As the controversy surrounding Jefferson shows, the most admirable and the most repulsive tendencies in our country are often rooted in the same soil. But the study of America's past shuns ambiguity. Most of those who write about American history can be divided into two camps. Those who follow the orthodox line tend toward the panegyric, celebrating America's past, while revisionists excoriate it and condemn its exploitation of minorities and women. Neither approach leads to a subtle understanding of history. Both groups suppress interpretations that would undermine their own positions, and both have used Jefferson for their purposes. As O'Brien points out, panegyrists ignore or make lame excuses for those of Jefferson's utterances and acts that today seem racist. Revisionists just as avidly disregard evidence that would make Jefferson more complicated than the hypocritical racist they often present.
Surprisingly, O'Brien, in his article and in the book, , from which it was derived, combines the two approaches in his assessment of Jefferson. Like the revisionists, he attacks Jefferson for his racial views. But unlike the revisionists, who assert that America's racism and hypocrisy are Jefferson's writ large, O'Brien seems to perceive Jefferson virtually alone as embodying all that is unappealing in the nation's founding, and suggests that Jefferson be expelled from what he defines as the otherwise largely tolerant and liberal "official version" of the American civil religion, which encompasses the other Founding Fathers, the Declaration (which O'Brien would divorce from its author), and the Constitution. Thus, like the panegyrists, whom he justifiably faults for removing Jefferson's troublesome racial views from their assessment of the man, O'Brien would sever America's inventor from his invention. With Jefferson removed, O'Brien's view of America's civil religion resembles the rosy picture painted by the panegyrists O'Brien criticizes.

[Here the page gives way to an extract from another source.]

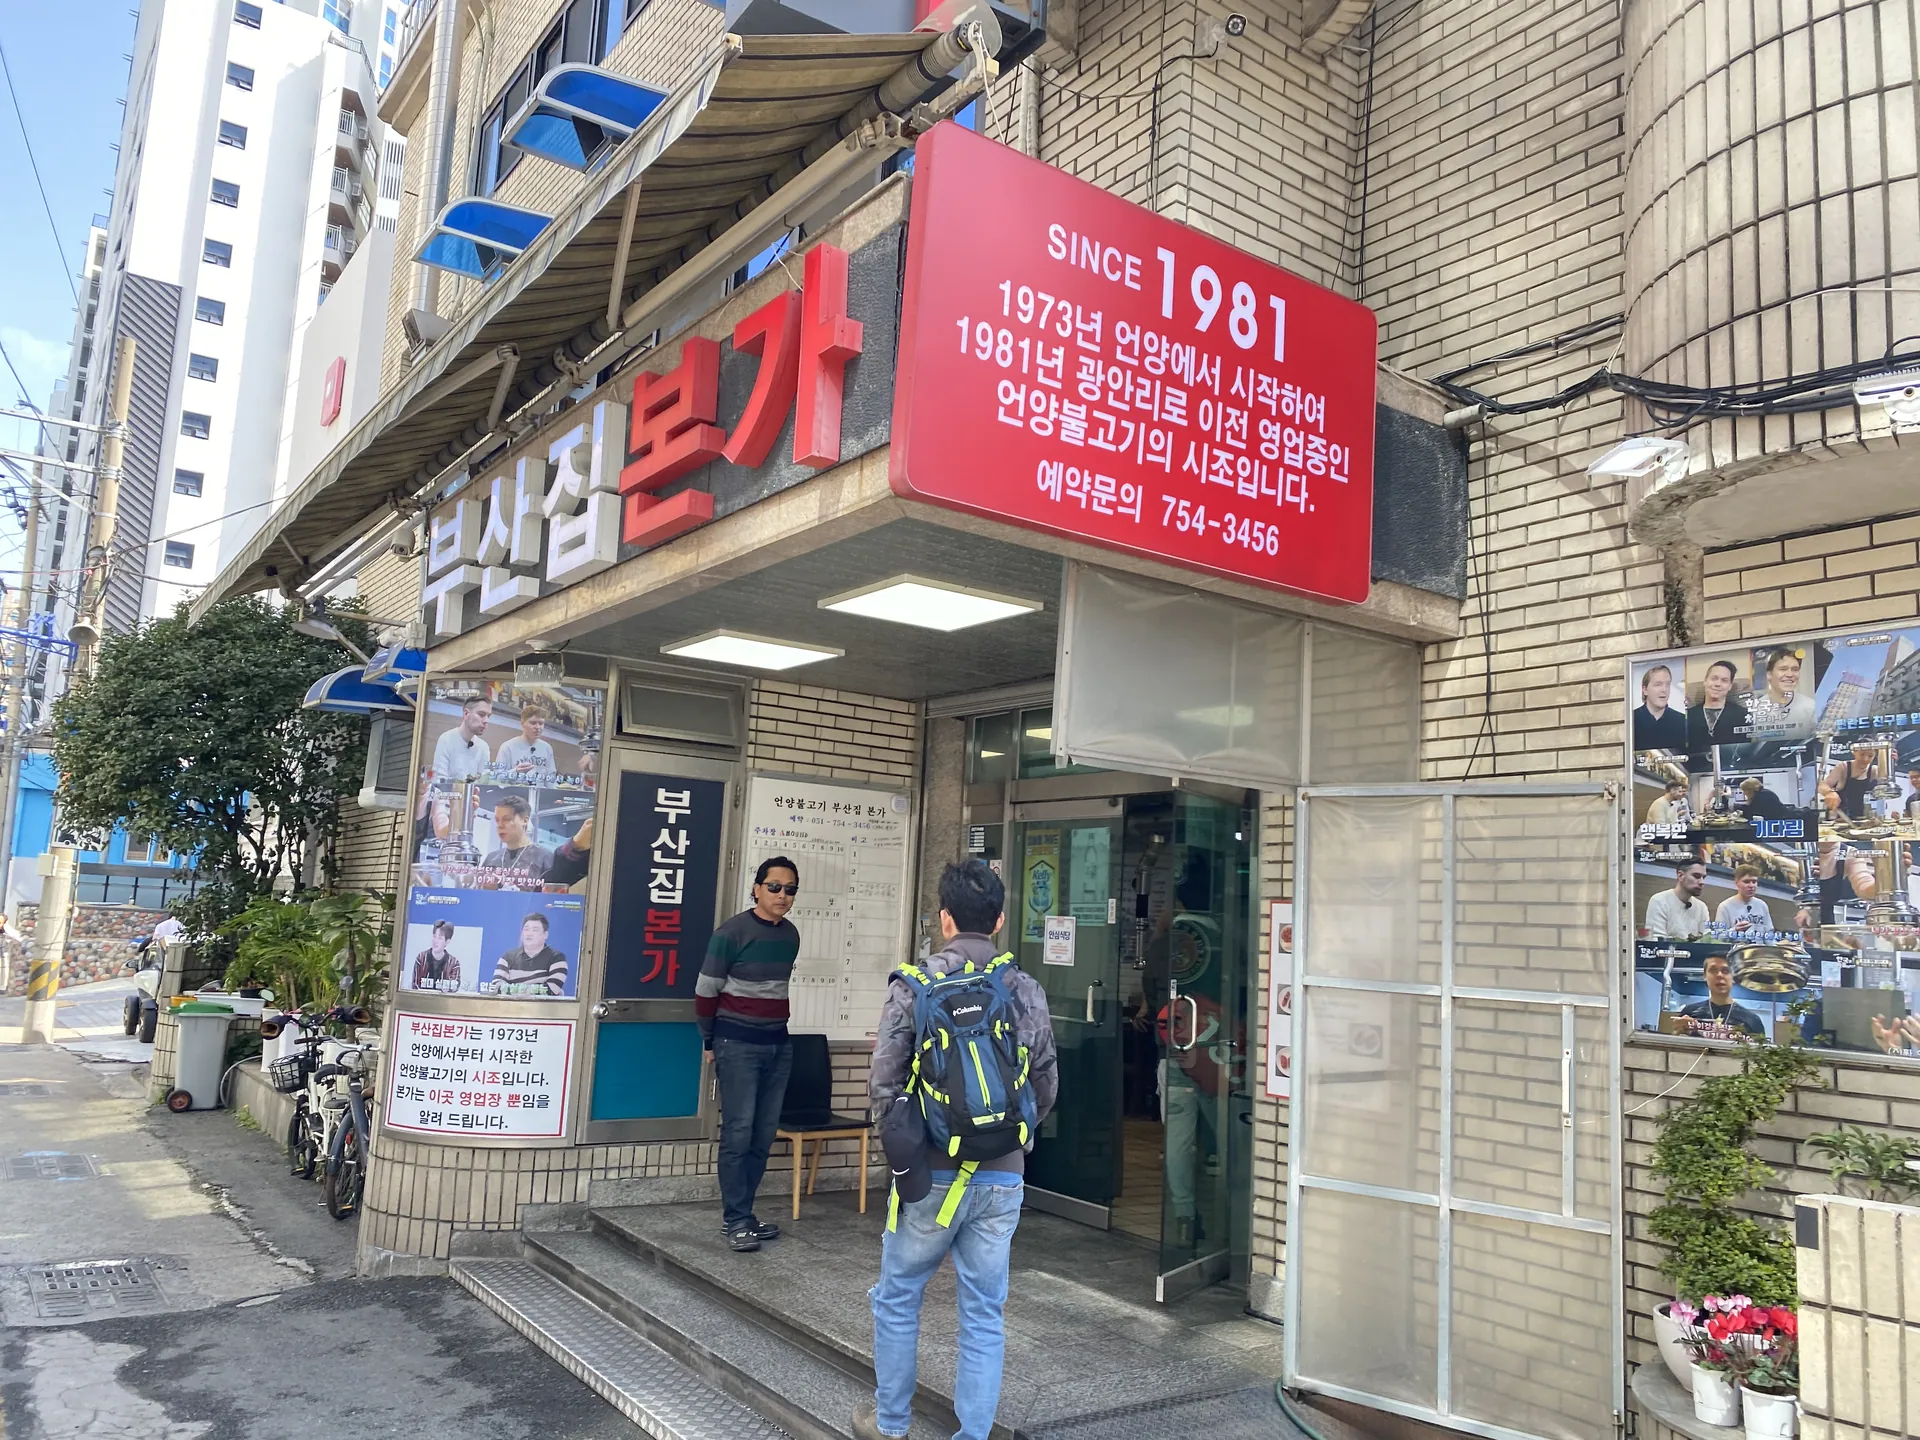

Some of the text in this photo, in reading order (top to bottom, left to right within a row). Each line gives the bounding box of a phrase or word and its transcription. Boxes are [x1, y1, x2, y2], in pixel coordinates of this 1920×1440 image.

Jefferson: Egalitarian and
O'BRIEN'S call to eject Jefferson from the American pantheon is bad on two counts. First, O'Brien seems to assume that the worst parts of America's past are unconnected to the others. Second, he would deprive the United States of the figure central to what is singular and most admirable about the promise of American life -- a promise that is already largely forgotten.
Although O'Brien is more accurate than not concerning Jefferson's racial views, he misinterprets Jefferson's alarm over the power of the federal government. O'Brien's mistake threatens to vitiate the very aspects of the Jeffersonian heritage that Americans most sorely need. Jefferson's opinions on the authority of the federal government and on race, O'Brien maintains, are "the two major factors" that warrant his expulsion from his "place . . . in the American civil religion." But O'Brien mistakenly conflates these issues, assuming that because the South opposed federal power in the Civil War and during the civil-rights crisis of the 1960s, there is a necessary connection between what is often called "states' rights" and those unsavory institutions slavery and segregation. He even argues that slavery was the real issue dividing Alexander Hamilton and his fellow Federalists from Jefferson and his allies, who were suspicious of growing federal strength.

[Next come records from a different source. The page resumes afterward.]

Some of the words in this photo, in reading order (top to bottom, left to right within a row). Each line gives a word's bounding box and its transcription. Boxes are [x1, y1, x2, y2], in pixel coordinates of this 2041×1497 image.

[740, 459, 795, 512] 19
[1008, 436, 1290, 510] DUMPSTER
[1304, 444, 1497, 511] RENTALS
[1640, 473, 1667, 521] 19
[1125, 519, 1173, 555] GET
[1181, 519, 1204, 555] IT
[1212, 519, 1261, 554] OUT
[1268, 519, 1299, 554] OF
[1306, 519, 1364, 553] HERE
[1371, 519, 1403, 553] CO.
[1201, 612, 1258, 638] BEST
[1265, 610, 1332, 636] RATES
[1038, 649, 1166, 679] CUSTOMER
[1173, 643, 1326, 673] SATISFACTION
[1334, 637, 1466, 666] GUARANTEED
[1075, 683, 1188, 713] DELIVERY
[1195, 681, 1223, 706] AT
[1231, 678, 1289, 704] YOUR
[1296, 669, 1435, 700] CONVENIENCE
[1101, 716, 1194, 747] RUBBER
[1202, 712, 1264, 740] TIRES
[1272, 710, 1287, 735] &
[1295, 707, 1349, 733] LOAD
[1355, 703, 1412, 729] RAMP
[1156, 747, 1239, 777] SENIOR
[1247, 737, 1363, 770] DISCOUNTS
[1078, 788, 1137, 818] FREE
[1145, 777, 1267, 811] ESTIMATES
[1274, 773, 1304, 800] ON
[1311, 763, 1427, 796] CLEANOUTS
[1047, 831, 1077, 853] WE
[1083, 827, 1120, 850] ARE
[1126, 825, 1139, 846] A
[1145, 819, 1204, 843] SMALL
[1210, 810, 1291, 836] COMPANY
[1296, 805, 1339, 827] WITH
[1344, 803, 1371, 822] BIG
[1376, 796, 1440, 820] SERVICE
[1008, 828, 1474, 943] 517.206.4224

Far from being an exclusively southern doctrine, however, states' rights also flourished in New England, and two U.S. Supreme Court justices from Pennsylvania were among its strongest constitutional defenders. Northern anti-slavery radicals used the doctrine to oppose the federal Fugitive Slave Law by arguing that returning slaves to the South was contrary to the moral norms of northern communities. In contrast, many slaveowners in the early nineteenth century defended a strong national government as the best bulwark against both slave revolts and the "leveling tendencies" of non-slaveholders.
Jefferson opposed the Federalist program not to support slavery but because he was a democrat. Indeed, as the historian Frank Owsley has argued, "Any believer . . . in the right of a people to govern themselves would naturally adhere in the early days of our history to the doctrine of State rights." Some seventy years ago the progressive literary historian Vernon Parrington, in lamenting the association of localism with the support of slavery in the period leading up to the Civil War, explained that the preservation of democracy itself lay at the heart of anti-federalism.